The Right to Surrender
Page 19
“Was he on his way back there when we came in?”
Grant shook his head. “No, he stayed in the private dance room. I don’t think he planned to follow her.”
“But he sent her?” Gretchen pressed.
“Yes, but—”
She didn’t hear anything else as she pushed past him and ran from the locker room.
Gretchen burst through the door of Carpenter’s office and stood panting as he lifted his head to meet her eyes.
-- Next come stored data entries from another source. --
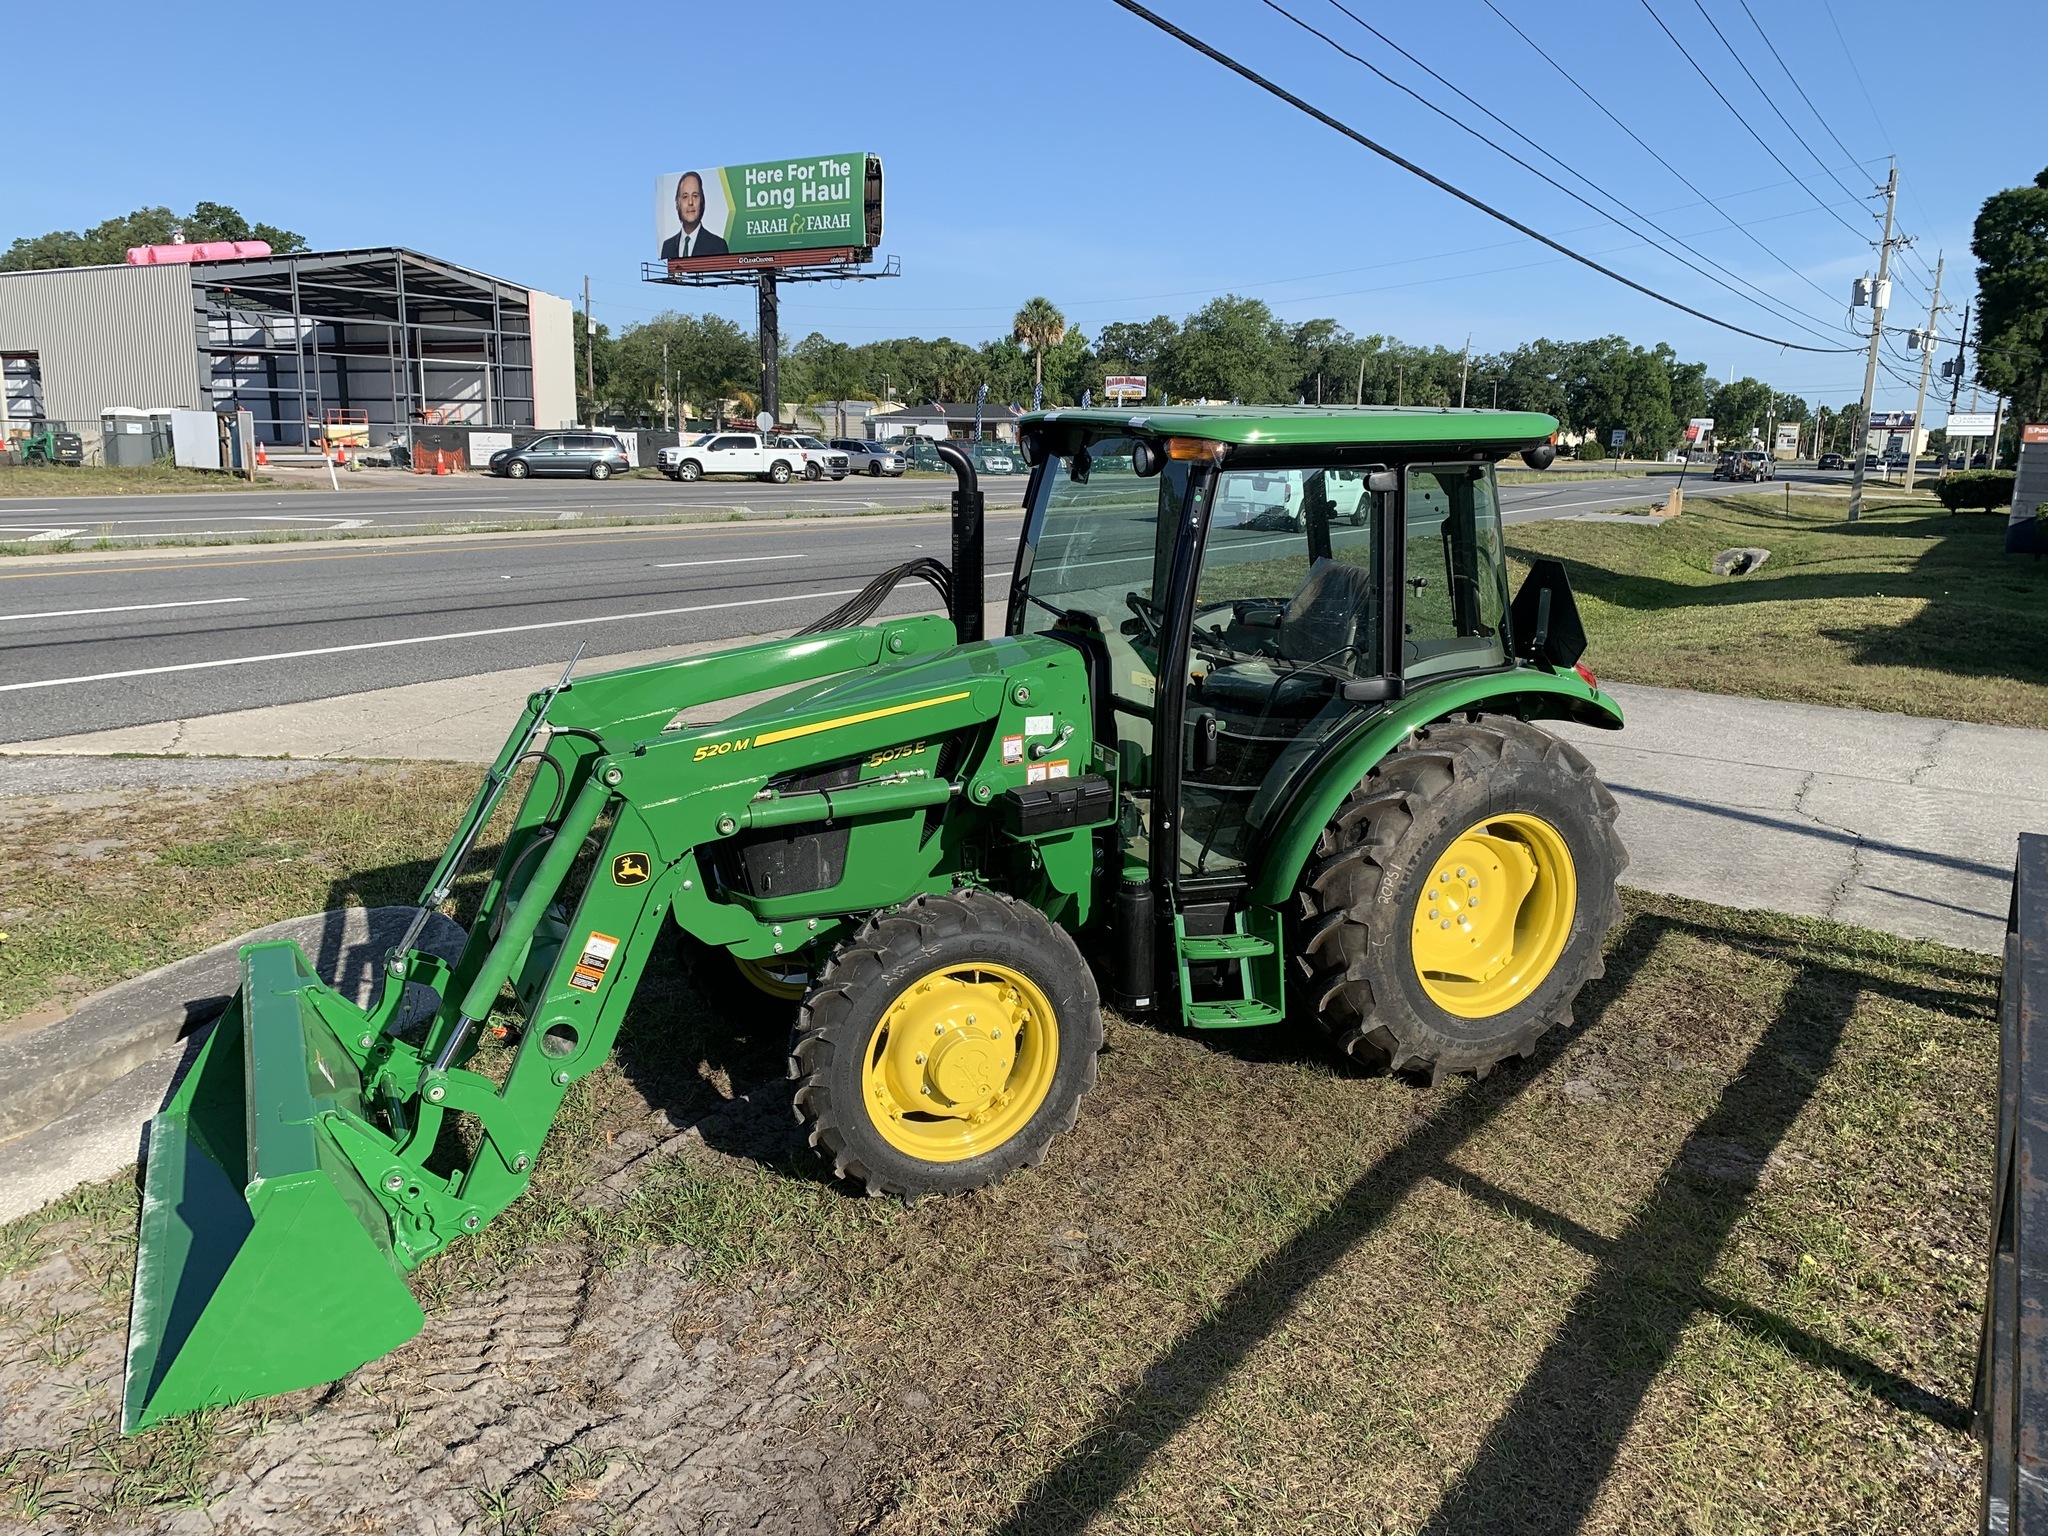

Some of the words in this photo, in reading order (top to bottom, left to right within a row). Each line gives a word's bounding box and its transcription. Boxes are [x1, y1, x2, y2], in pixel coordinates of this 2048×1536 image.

[745, 168, 783, 186] Here
[788, 164, 815, 181] For
[819, 159, 851, 178] The
[746, 187, 795, 209] Long
[802, 177, 850, 203] Haul
[746, 218, 787, 235] FARAH
[789, 213, 806, 235] &
[806, 213, 851, 231] FARAH
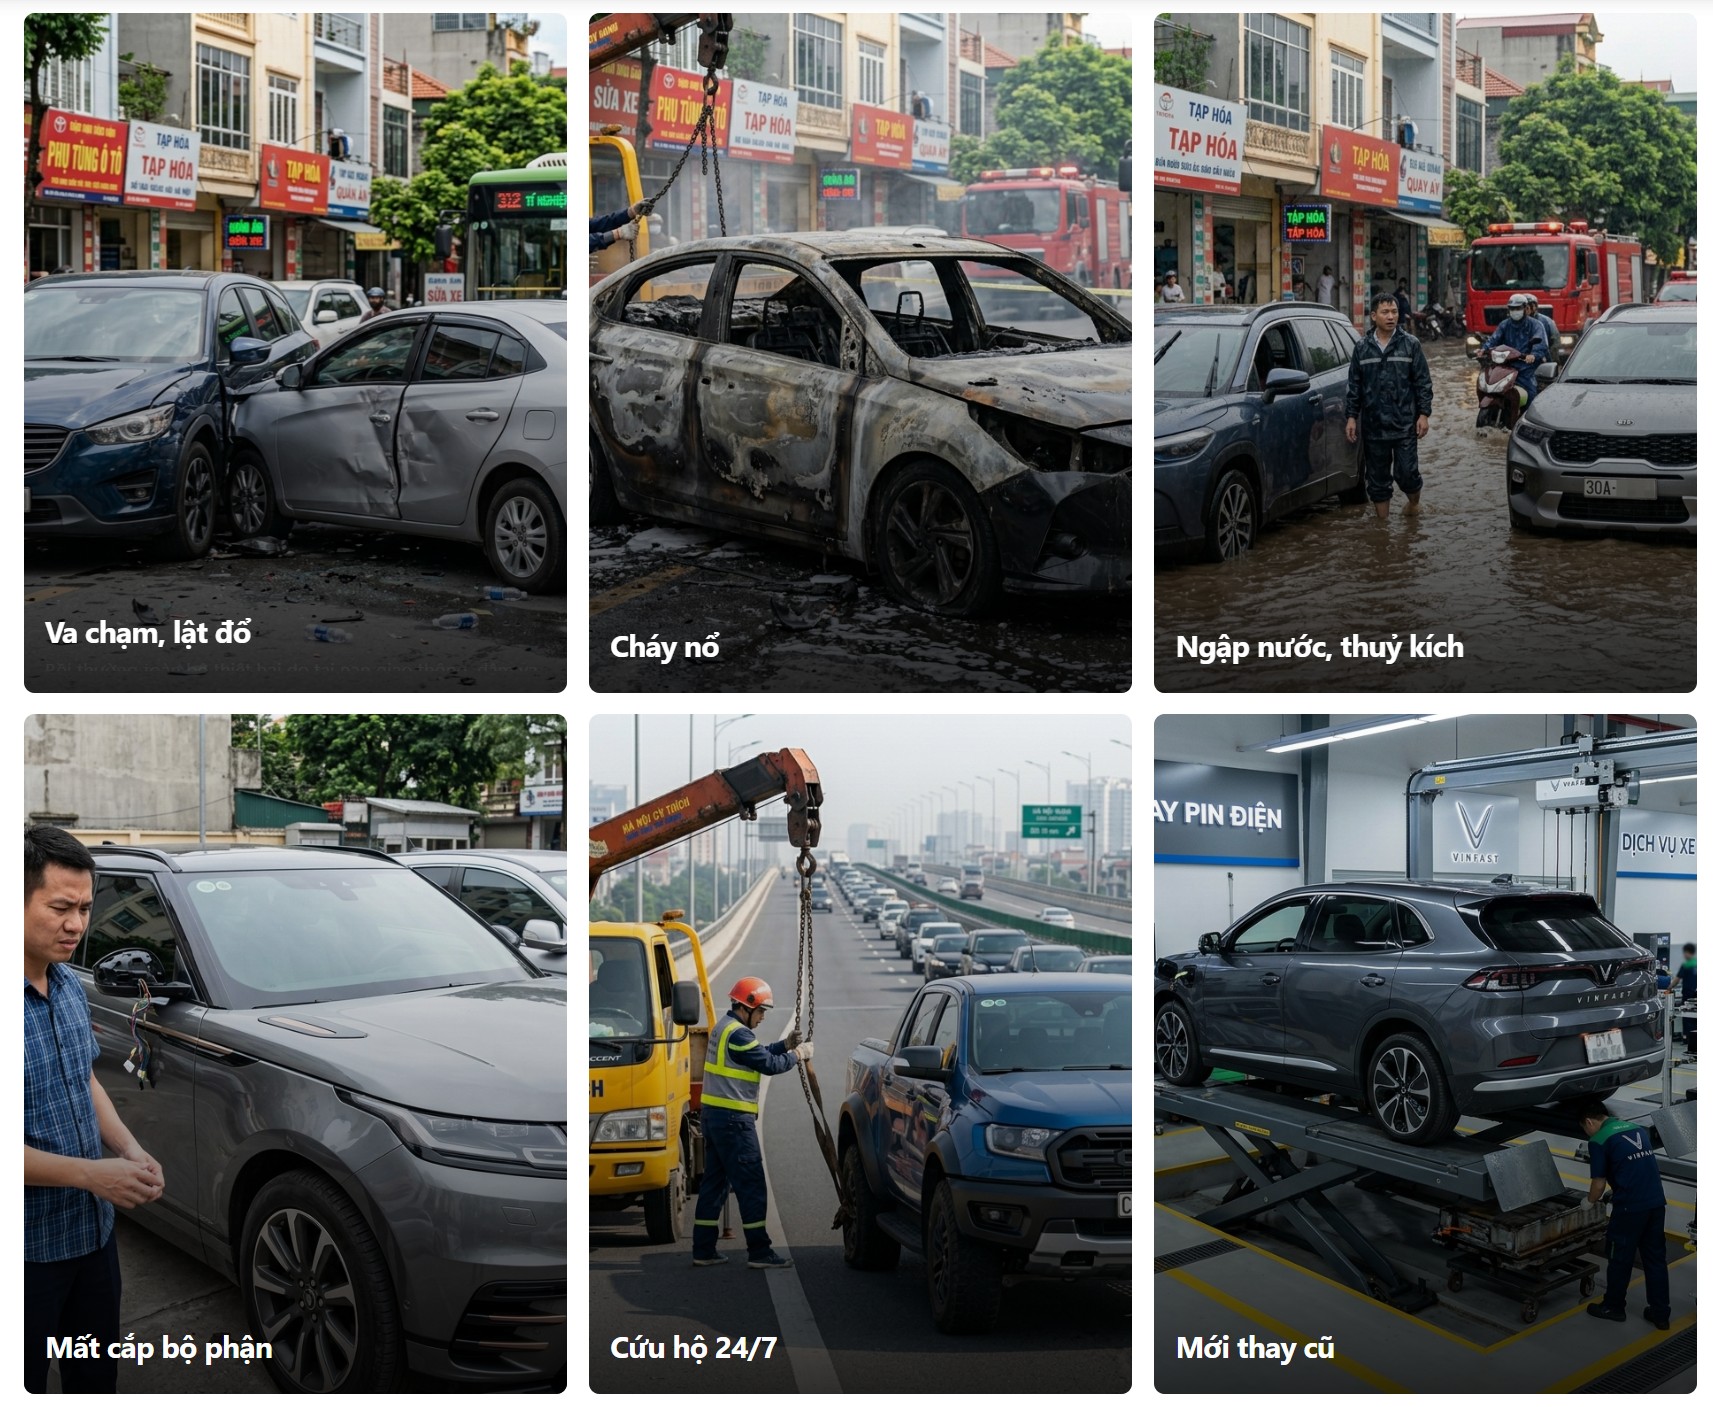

“Who was your informant?” She knew the answer from the way he avoided her glare. “Why didn’t you tell me?” She moved closer to his desk. Why hadn’t Finn told her?
“He asked that I not,” Carpenter replied. “He came to me and wanted to do it.”
“That doesn’t make sense.” Gretchen leaned her hands against his desk and bent to meet his eyes. “He’s known about me for weeks. Why didn’t he tell me what he wanted you to know? It would have been safer for him.”
“For him . . . perhaps.”
“But not for me?” She straightened and paced to the window. She stood looking out at the forest beyond and saw nothing.
Behind her, Carpenter explained. “He came to me after Ronnie’s men attacked you. He traded his information for your safety.”
No, he’d traded his life for her own. That realization hit her full force in the chest, stealing her breath.
“I didn’t see how I could lose,” her boss finished.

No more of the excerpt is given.